Flexural Rigidity Around Ross Island, Antarctica Based On Geodynamic Modeling And Seismic Stratigraphy

Quantifying the flexural subsidence history around Mt. Erebus, located on Ross Island in the southern Ross Sea of West Antarctica, is essential to separating the tectonic, volcanic, and climatic signals in the stratigraphic record contained in regional seismic reflection and borehole data. Toward this end, we analyze both broken and continuous plate models of flexural subsidence due to volcanic loading around Mt. Erebus. Seismic reflection data from the IT90AR71, NBP0401-118m and NBP0401-126m seismic surveys are used to identify stratigraphic horizons associated with loading during different eruptive events. Based on results obtained by ANTOSTRAT, we have identified 5 seismic horizons RSb1 (early Oligocene), RSb2 (late Oligocene to early Miocene), RSb3 (early Miocene), RSb4(early to middle Miocene) and RSb5 (middle Miocene), which are correlated with the CIROS-1 drill hole, in the Eastern Ross Sea to identify 5 episodes of flexural subsidence related to Ross Island volcanic loading.
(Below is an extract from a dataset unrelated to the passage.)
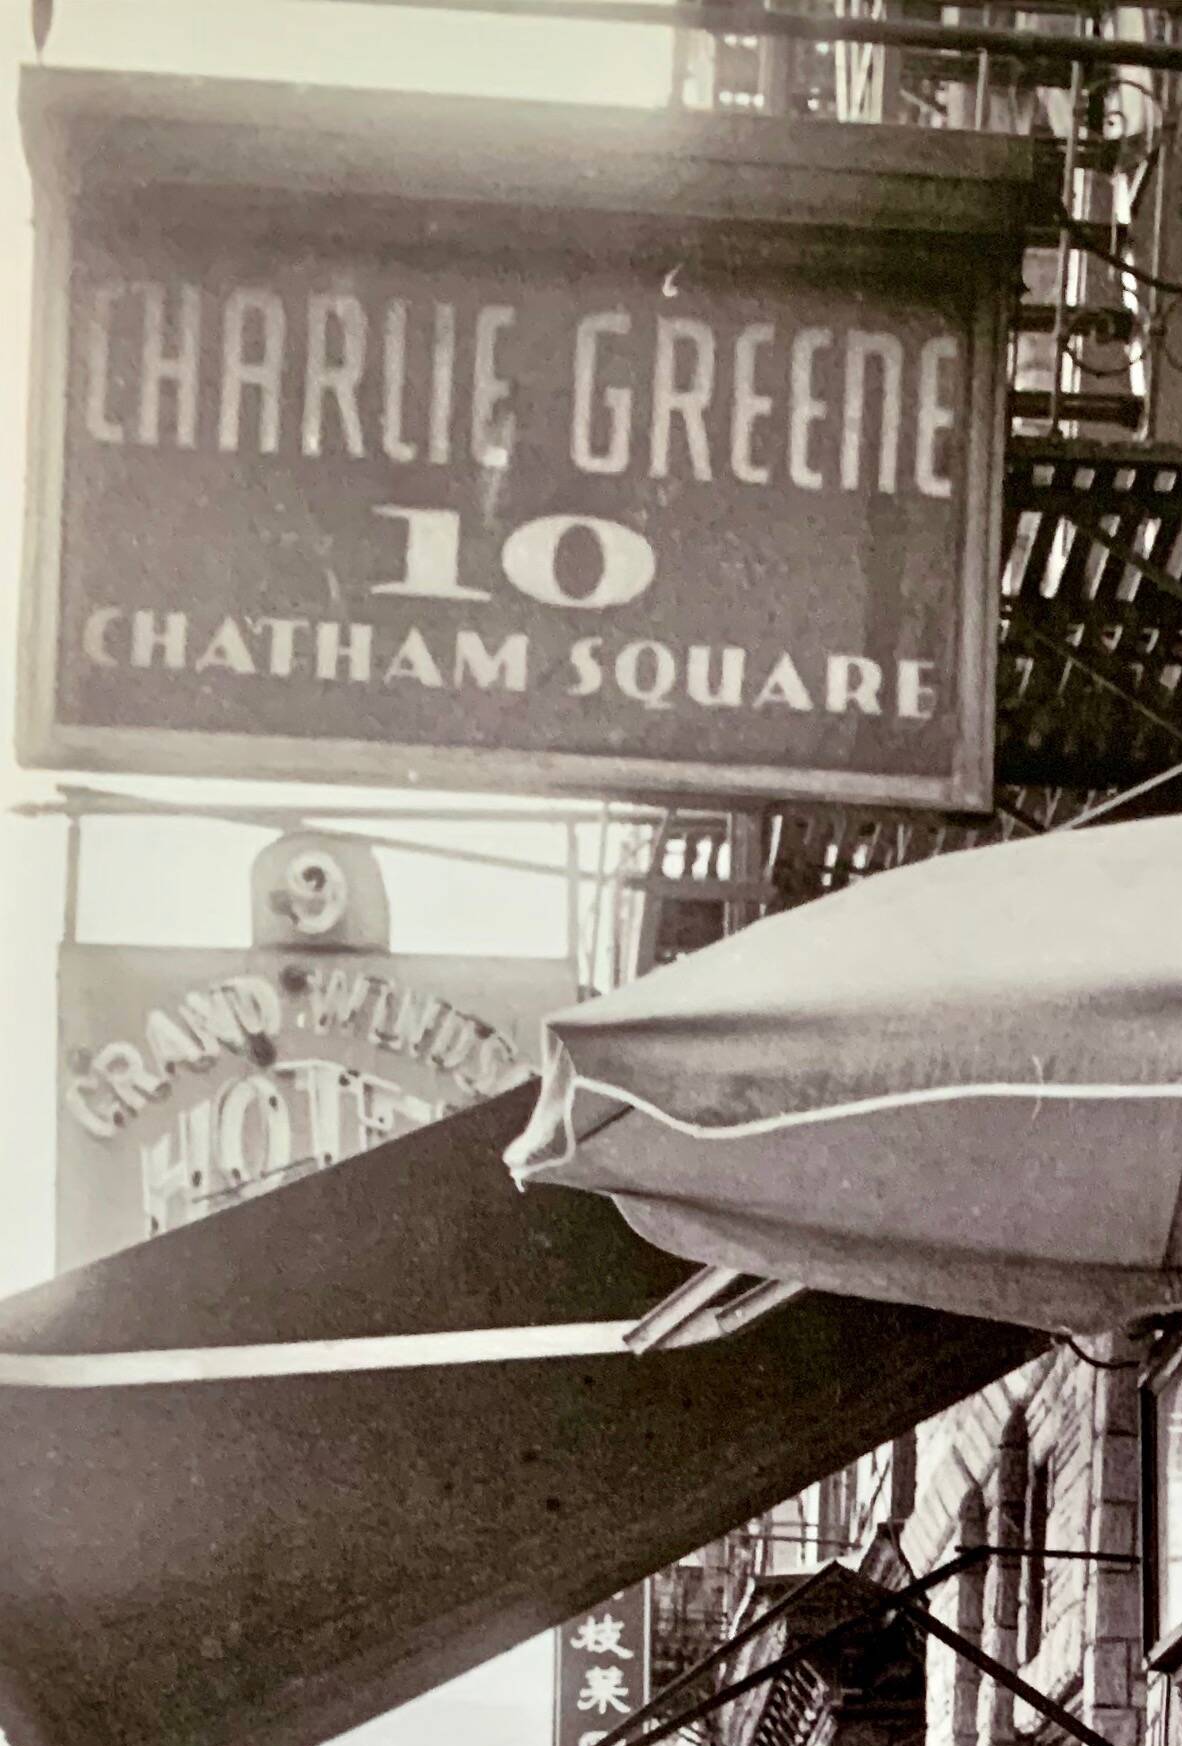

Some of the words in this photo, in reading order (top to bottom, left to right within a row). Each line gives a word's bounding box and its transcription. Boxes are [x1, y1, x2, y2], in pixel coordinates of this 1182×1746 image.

The seismic data indicate that the flexural bulge associated with all 5 volcanic loading events is located at an average distance of 250 km from Mt. Erebus. We use the position of the flexural bulge and the dip of strata within the basin to constrain geodynamic models of flexural subsidence due to volcanic loading. We assume a mantle density of 3200 kg/m^3 and density of sedimentary basin infill of 2700 kg/m^3. Our preliminary results suggest that a broken plate, point load model is the most ideal case for Ross Island. The flexural rigidity is approximately 10^22.5 N-m, and the cumulative load of all volcanic episodes of Mt. Erebus is 9x10^11 N.